The texture of food and its composition can affect the environment of the mouth. It can help maintain tissue integrity, stimulate saliva production, alter plaque bacteria metabolism and provide mechanical cleansing of tooth surfaces. Feeding a good quality dry dog food is preferable to feeding a wet food as the mechanical action and abrasion on the surface of the tooth when the dog bites into a hard food will help prevent the formation of plaque and bacteria on the tooth surface. Feeding raw bones in addition to good quality dental chews and treats is also a good way to prevent and/or minimise periodontal disease in your pet.
Home dental care: toothbrushing
Brush your pet’s teeth, preferably every day. If every day is too tall an order, commit to do it several times a week. If you’ve never tried brushing those canine or feline choppers -- or you’re not having much luck when you try -- view these instructional videos on how to brush your cat’s or dog’s teeth. A little time, patience and persistence can reap tremendous rewards in terms of your pet’s well-being and healthcare costs.

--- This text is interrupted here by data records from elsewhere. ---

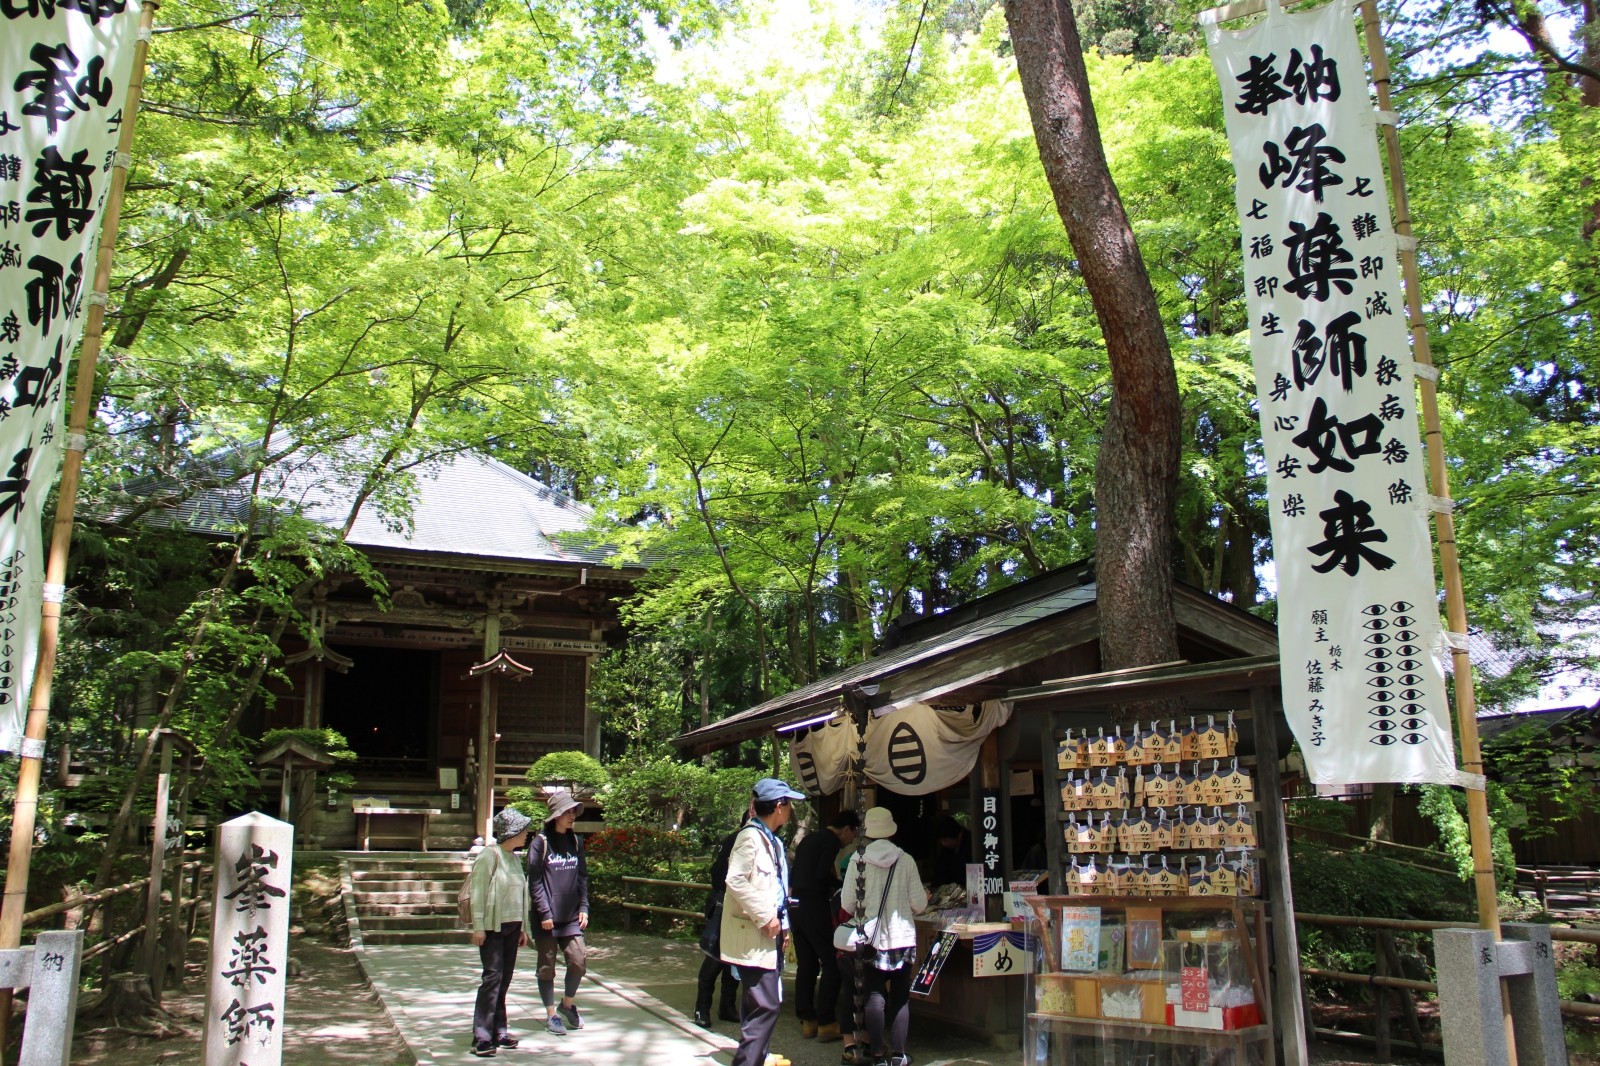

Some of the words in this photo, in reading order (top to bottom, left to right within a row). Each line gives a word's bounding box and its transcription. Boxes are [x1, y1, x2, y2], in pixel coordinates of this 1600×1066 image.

[1234, 43, 1342, 117] 奉納
[1246, 198, 1285, 338] 七福即生
[1258, 122, 1397, 578] 峰薬師如来
[983, 796, 999, 870] 目の御守
[41, 952, 65, 972] 納
[994, 947, 1014, 973] め
[1181, 969, 1195, 1010] おみくじ
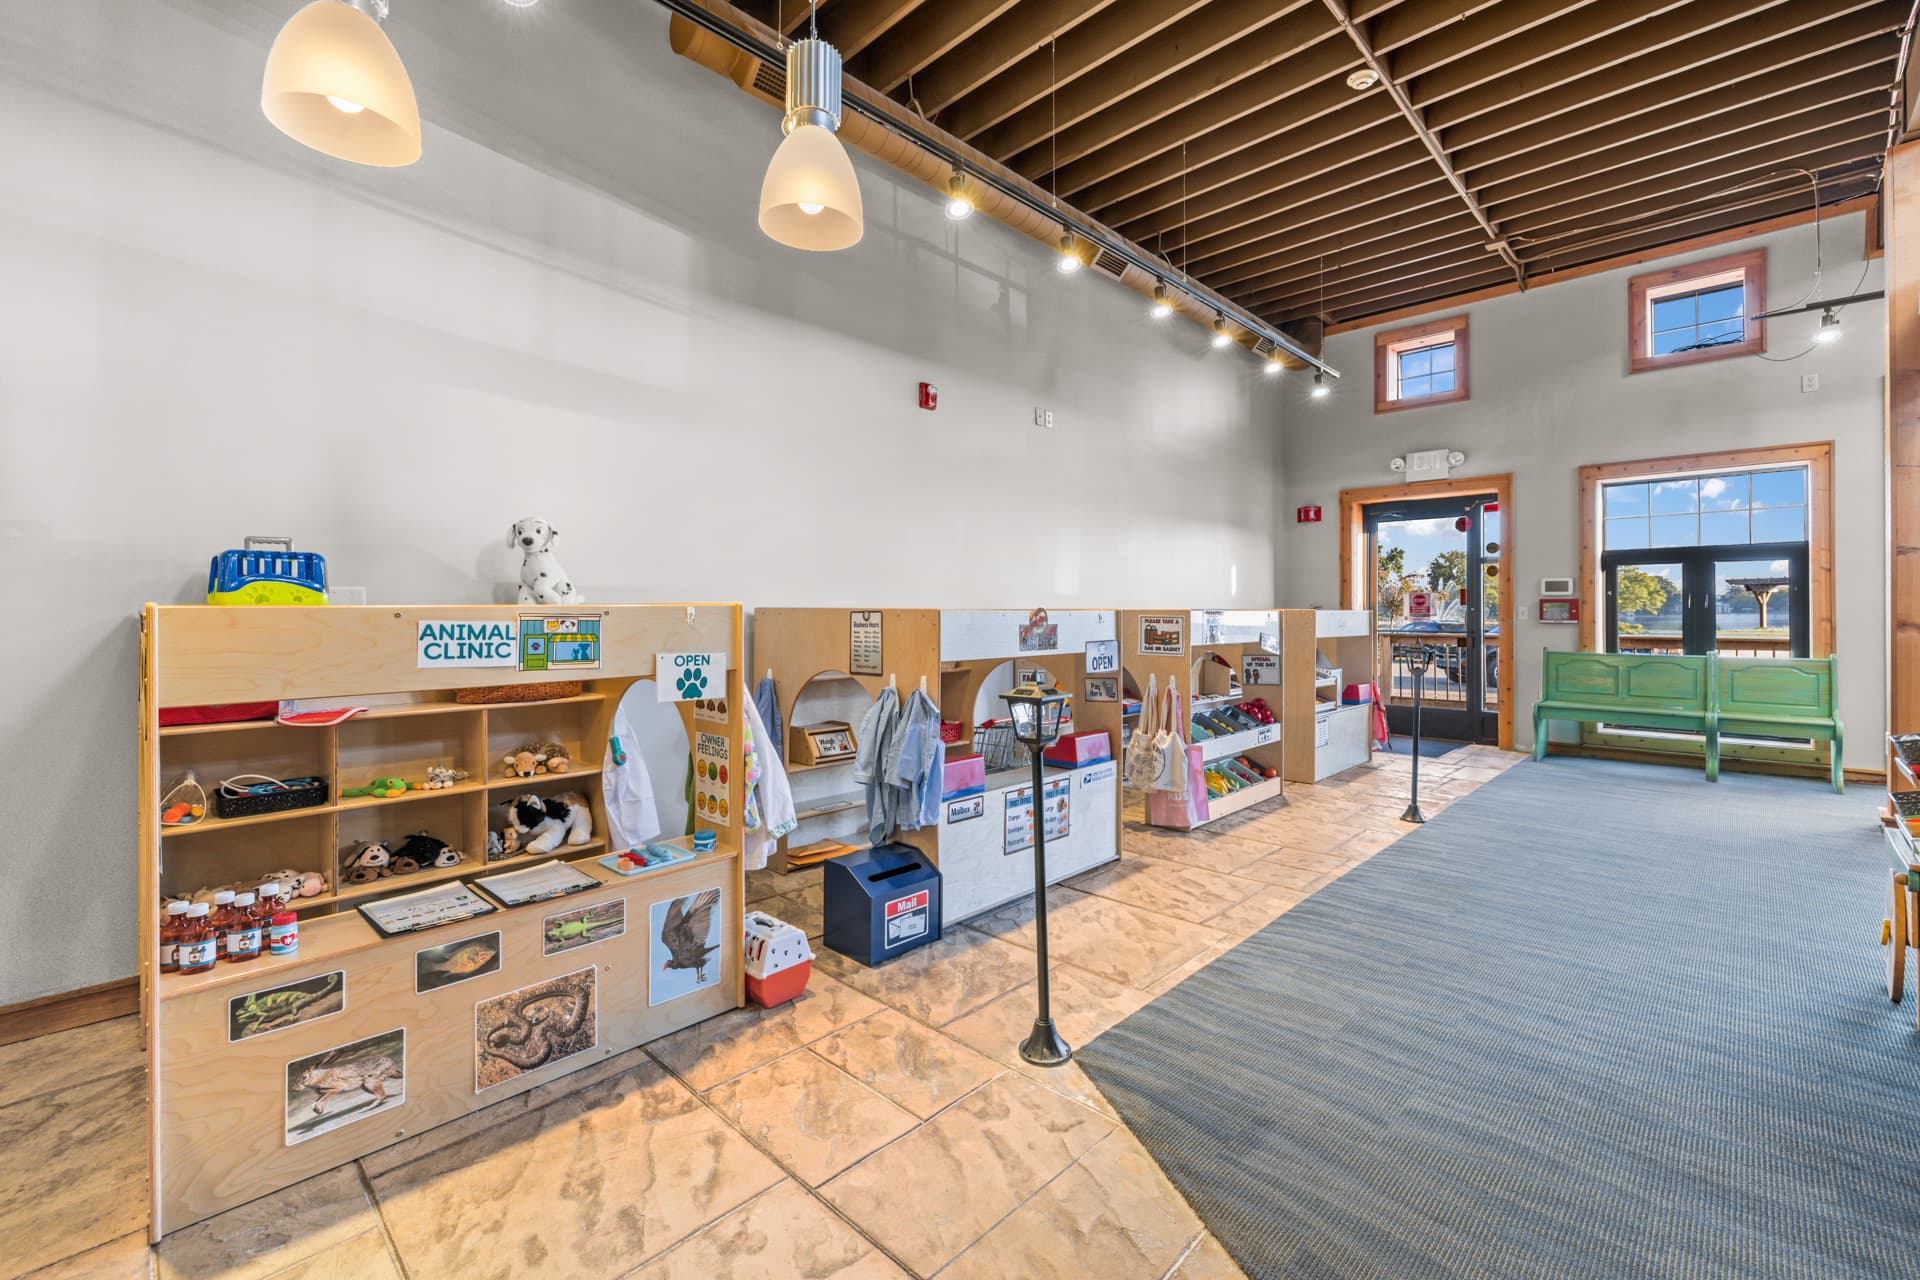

Regular routine mouth inspections
Perform routine mouth inspections. Your pet should allow you to open his mouth, look inside, and feel around for loose teeth or unusual lumps or bumps on the tongue, under the tongue, along the gum line and on the roof of his mouth. After you do this a few times, you’ll become sensitive to any changes that might occur from one inspection to the next. You should also make note of any differences in the smell of your pet’s breath that aren’t diet-related.
Regular Veterinary Check ups
Arrange for regular oral exams performed by your veterinarian. He or she will alert you to any existing or potential problems in your pet’s mouth, and recommend professional teeth cleaning under anaesthesia, if necessary. Once plaque has formed on the surface of teeth it cannot be removed with teeth brushing and a scale and polish performed by a veterinarian under a general anaesthesia may be required. However once the teeth have been cleaned regular tooth brushing, diet and regular veterinary health checks are important in order to prevent reoccurrence of dental disease and further dental problems in the future.